A internet pode ser considerada um dos símbolos da vida moderna. Com apenas um clique, e de qualquer lugar, o usuário têm acesso a um mundo infinito de informações. Se essa nova ferramenta proporcionou avanços incríveis à humanidade e revolucionou a maneira como o ser humano se relaciona, também há prejuízos incalculáveis. Além de fraudes financeiras e roubo de dados pessoais, um dos assuntos que têm gerado muita discussão é a divulgação de imagens sensuais e pornográficas de pessoas de todas as idades.
Além da exploração sexual, o que tem chamado atenção das autoridades é o compartilhamento de imagens entre adolescentes.
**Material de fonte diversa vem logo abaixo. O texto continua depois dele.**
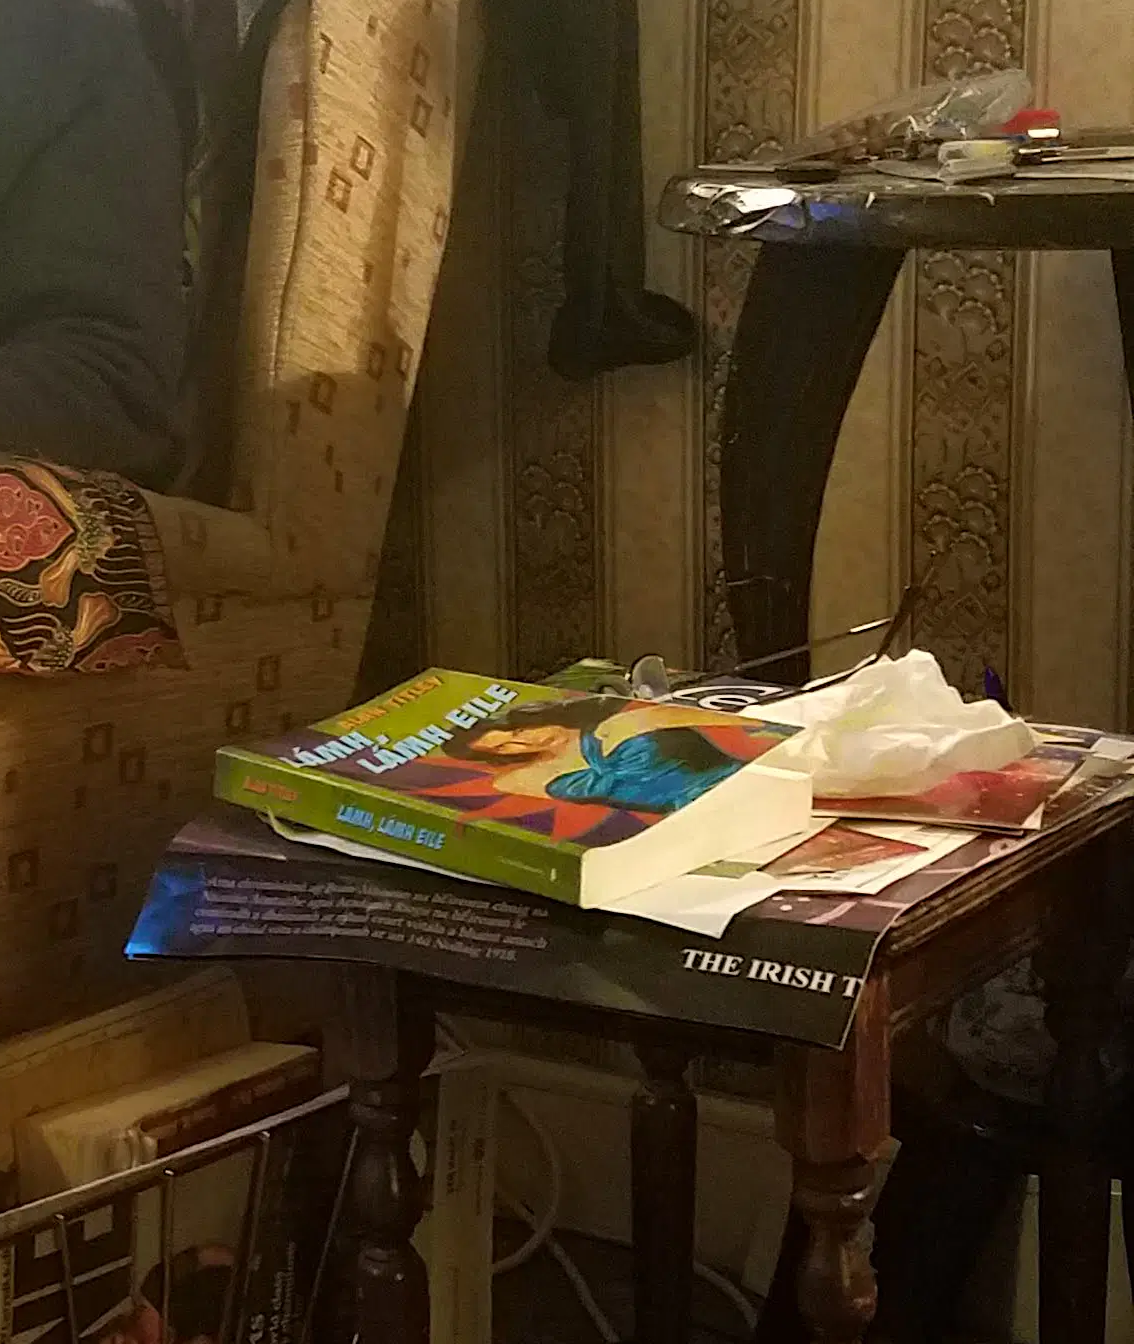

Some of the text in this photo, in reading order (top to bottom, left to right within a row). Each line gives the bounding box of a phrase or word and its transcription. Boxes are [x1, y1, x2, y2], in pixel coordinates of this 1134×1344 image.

Grande parte dos casos, fotos em poses sensuais ou eróticas são encaminhadas espontaneamente pelos próprios adolescentes ou adultos, por meio do smartphone, para namorados ou grupo de amigos. A partir daí, as consequências são imprevisíveis.
O Núcleo de Combate ao Cibercrime (Nuciber) da Polícia Civil do Paraná recebe, em média, 20 denúncias por mês apenas sobre vazamento de fotos de conteúdo erótico na internet, a maioria protagonizada por adolescentes. Já a ONG SaferNet Brasil divulgou que os pedidos de ajuda relativos a casos de sexting e selfie com nudez dobraram em 2013.
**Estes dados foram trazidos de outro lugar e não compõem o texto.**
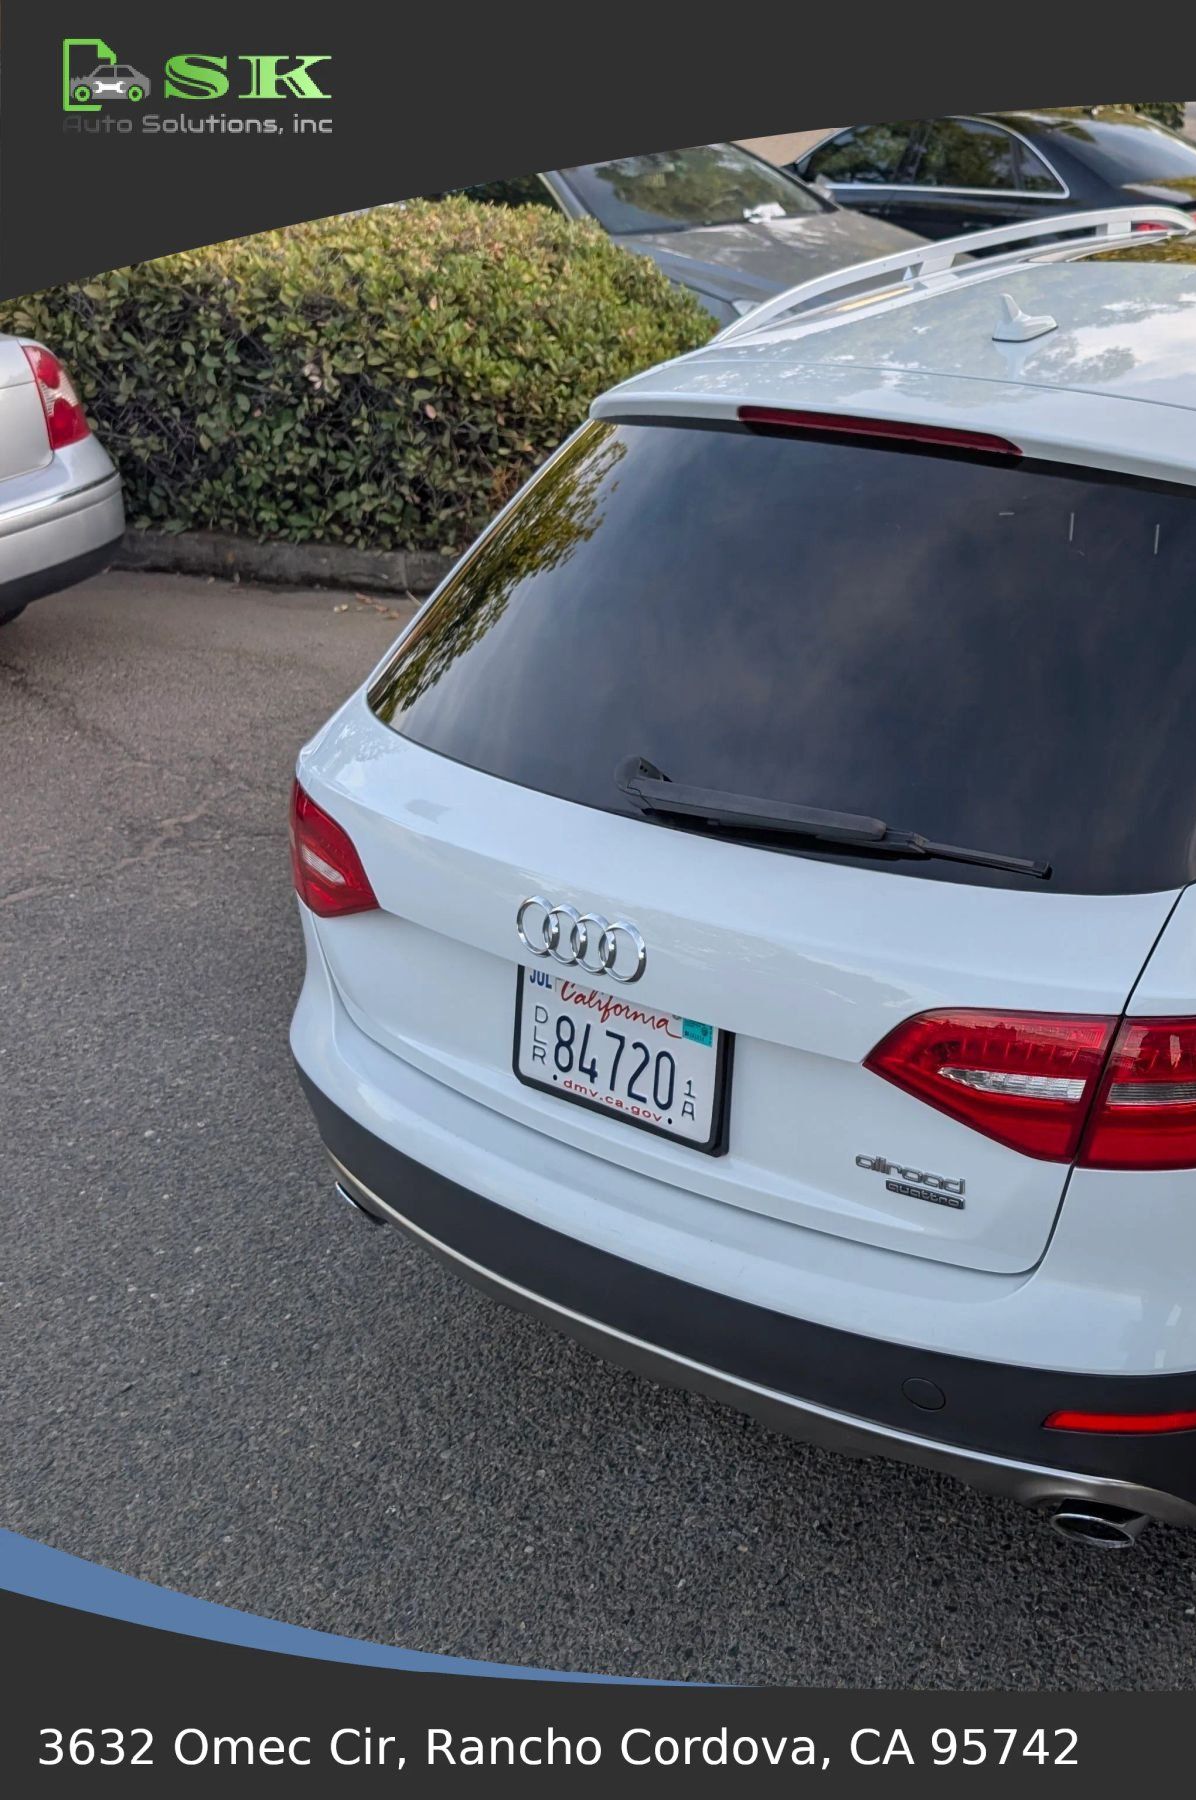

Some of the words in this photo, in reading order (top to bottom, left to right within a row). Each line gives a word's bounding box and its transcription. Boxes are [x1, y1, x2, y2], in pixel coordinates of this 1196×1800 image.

[529, 969, 552, 990] JUL
[560, 980, 682, 1040] California
[553, 1014, 676, 1111] 84720
[562, 1078, 663, 1123] dmv.ca.gov
[855, 1154, 966, 1195] allroad
[887, 1182, 961, 1208] quattro
Por isso, a educação e a orientação a crianças e adolescentes se faz tão importante. O problema não pode mais ser ignorado pelos pais. É preciso explicar aos filhos os riscos e os eventuais prejuízos que uma exposição inadequada pode trazer. Vinculação com rede de pedofilia e prostituição, chantagens, além da divulgação na própria web ou entre grupo de amigos, são alguns dos exemplos. Além disso, as imagens podem circular por anos na rede.
Outro ponto importante é a punição. Autores de crimes cibernéticos precisam ser responsabilizados e devem receber penas severas. A internet não pode continuar a ser vista como "terra de ninguém". O Marco Civil, sancionado recentemente, deve normatizar esse ambiente.